A challenging issue to say the least. The problem of evil in the world is one that has baffled theologians and pagans alike for centuries. I have read some of Augustine in this regard and his theodicy seems to be agreeable, at least to me.
The other issue I picked up on here was that of evil as it relates particularly to war. Its obvious this individual has seen some terrible things e.g. "the killing fields". I read this and can't help but think even of the different views of war. Meaning, not that there are those who are pro-war or against it, but rather, the different reasons that one engages in it. I know that, to some people, this makes no difference - war is always violent and always wrong. However, is there a difference in a war that champions justice between a war that is instigated by hatred, racism, politics, money, land, etc? Perhaps I have had too much Dr. Pepper and this is too heavy of a conversation as well. Nonetheless, it still makes me wonder. The more I understand the New Testament the more I understand the need for giving up rights for the sake of the gospel and that the world is a messy place and will someday be put to rights. However, given the state of the world, are we to aid in putting it to rights or, for lack of a better term, sit back?
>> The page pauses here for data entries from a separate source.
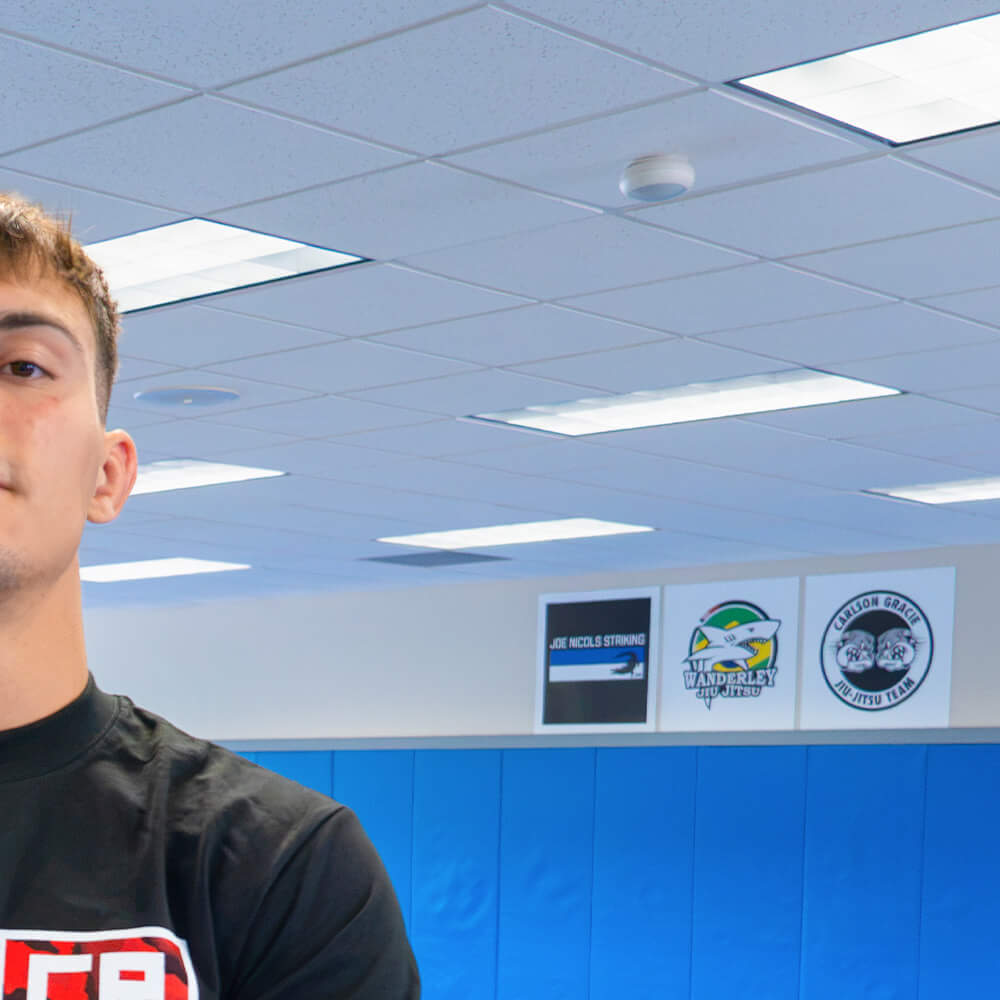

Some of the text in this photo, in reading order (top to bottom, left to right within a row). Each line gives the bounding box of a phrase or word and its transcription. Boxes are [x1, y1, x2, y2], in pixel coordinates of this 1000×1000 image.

[834, 597, 921, 631] CARLSON GRACIE
[549, 633, 645, 650] JOE NICOLS STRIKING
[684, 667, 777, 690] WANDERLEY
[696, 685, 761, 699] JIU JITSU
[835, 677, 915, 705] JIU-JITSU TEAM
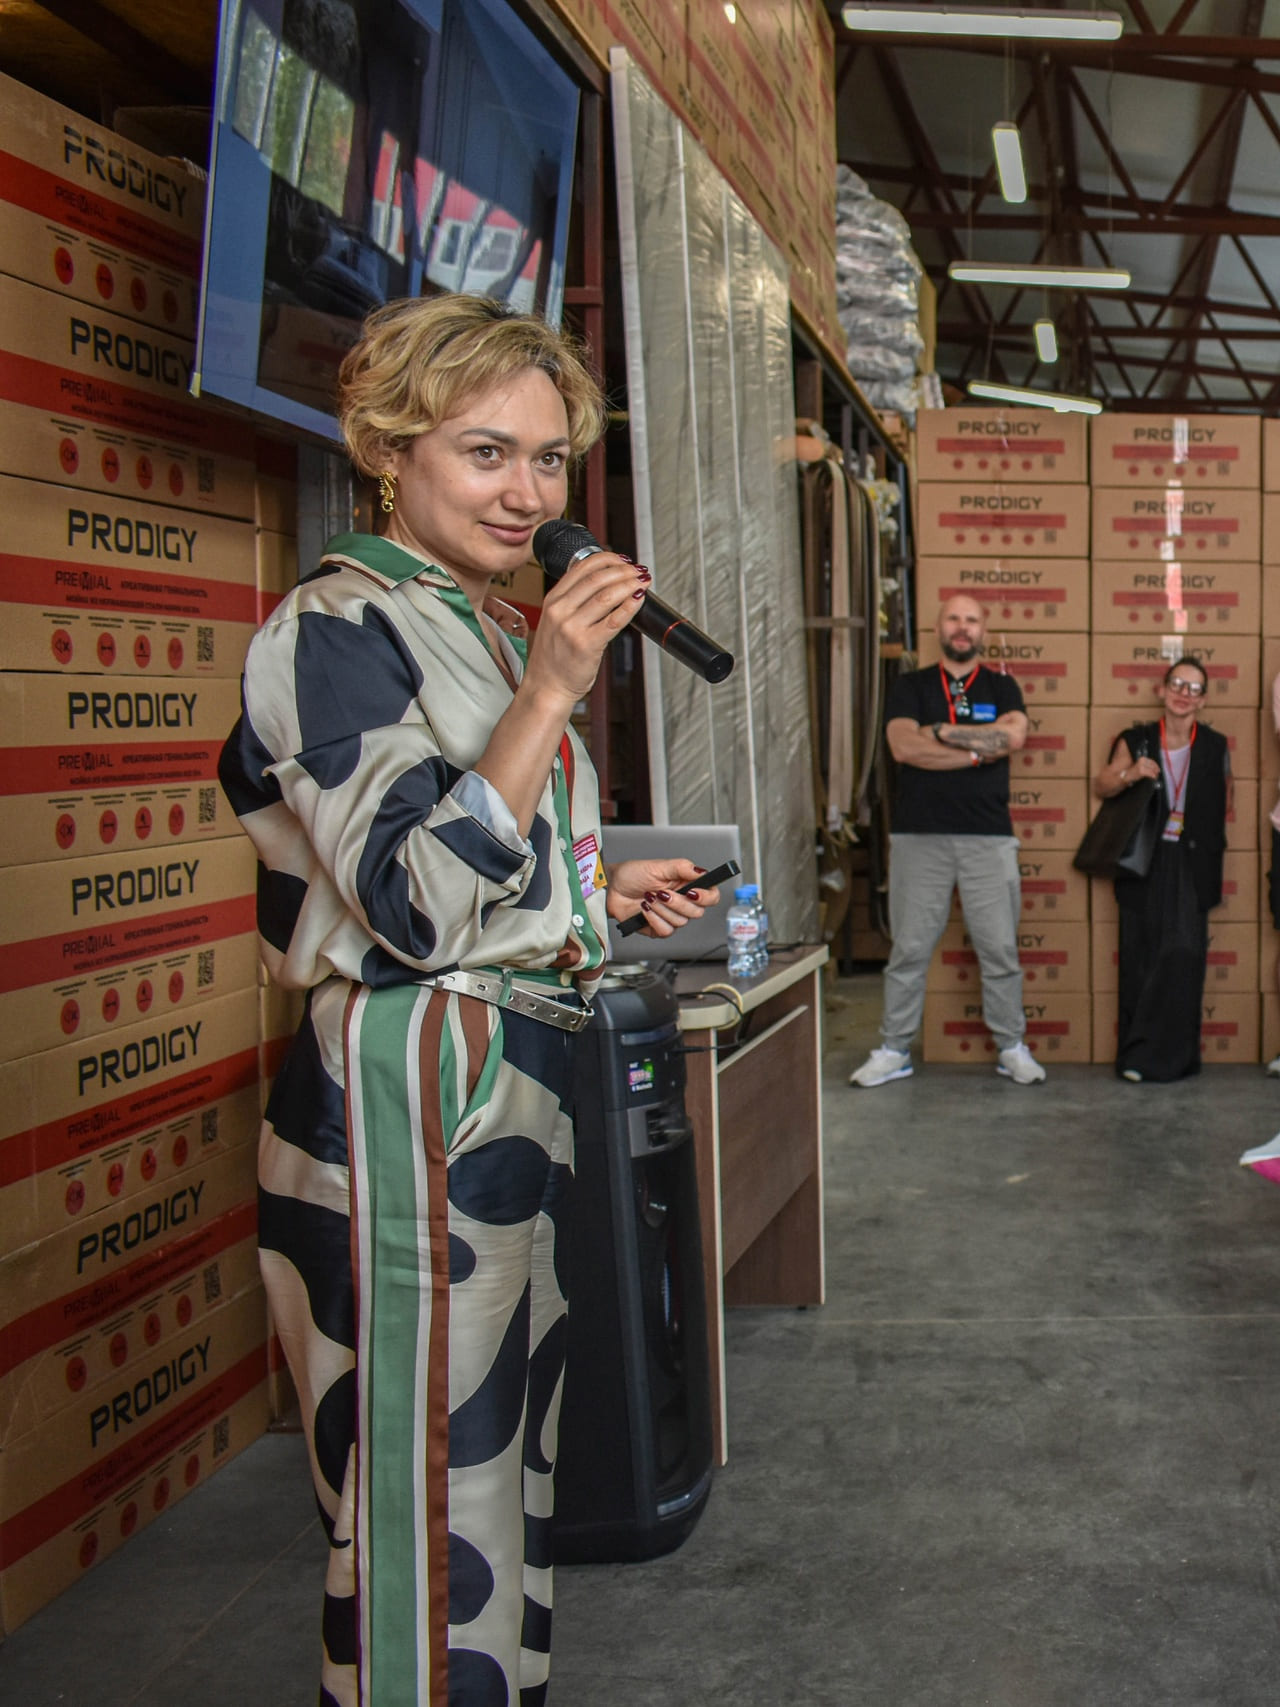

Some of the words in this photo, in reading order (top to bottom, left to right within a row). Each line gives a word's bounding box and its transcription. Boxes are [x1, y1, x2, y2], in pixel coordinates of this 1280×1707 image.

[64, 125, 187, 218] PRODIGY
[958, 421, 1041, 436] PRODIGY
[959, 495, 1042, 510] PRODIGY
[68, 508, 197, 563] PRODIGY
[959, 570, 1042, 585] PRODIGY
[977, 644, 1043, 659] RODIGY
[68, 692, 198, 729] PRODIGY
[72, 859, 200, 916] PRODIGY
[78, 1020, 202, 1096] PRODIGY
[77, 1180, 204, 1274] PRODIGY
[90, 1336, 211, 1448] PRODIGY
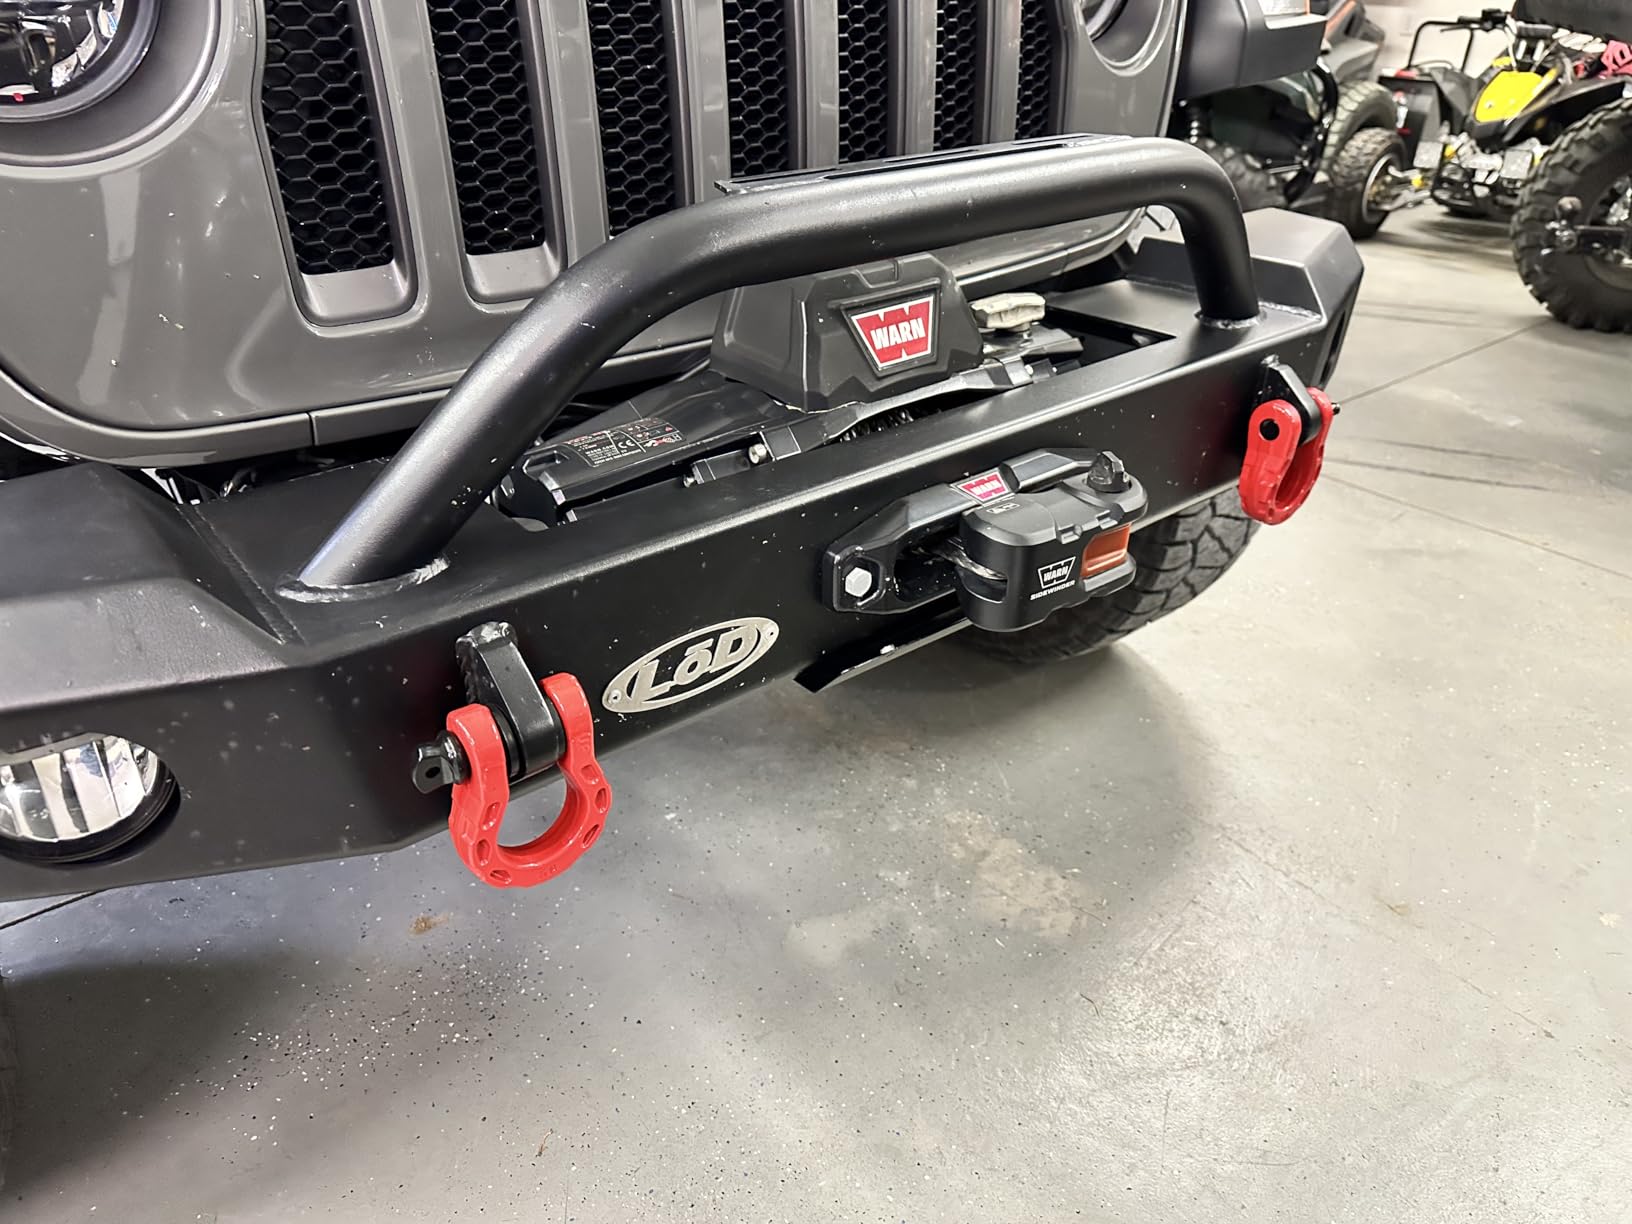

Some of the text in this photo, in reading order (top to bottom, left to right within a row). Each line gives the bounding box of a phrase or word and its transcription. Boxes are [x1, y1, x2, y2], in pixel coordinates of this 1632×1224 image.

C.S. Lewis, himself perhaps persuaded by his service in World War I, provides a decent point of view for the necessity of it. I believe you can find it in his work, "The Weight of Glory", (but I could be wrong).
In contrary I am highly interested in those who offer theologies of hope or liberation. They speak at length to the effect of war and oppression. Read Boff and Moltmann, I believe they offer this option.
The point I cannot get away from is imagining how Jesus fits into this situation. Many conservatives have argued from Romans 12 for war and justice claiming that God has instituted government for the sake of "keeping the peace"...I understand their point of view, and I understand their critics. My own argument comes from trying to reconcile what I know about Jesus with peace and justice. Would Jesus stand by and do nothing if women and children were being raped and murdered? Would he intervene? These are the types of questions that intrigue me and cause me to step back the most.
He (and many others) would argue in this case that we did not enter the war for liberation or to end genocide, but conveniently entered under the guise of preventing tyranny with the hidden agenda of oil.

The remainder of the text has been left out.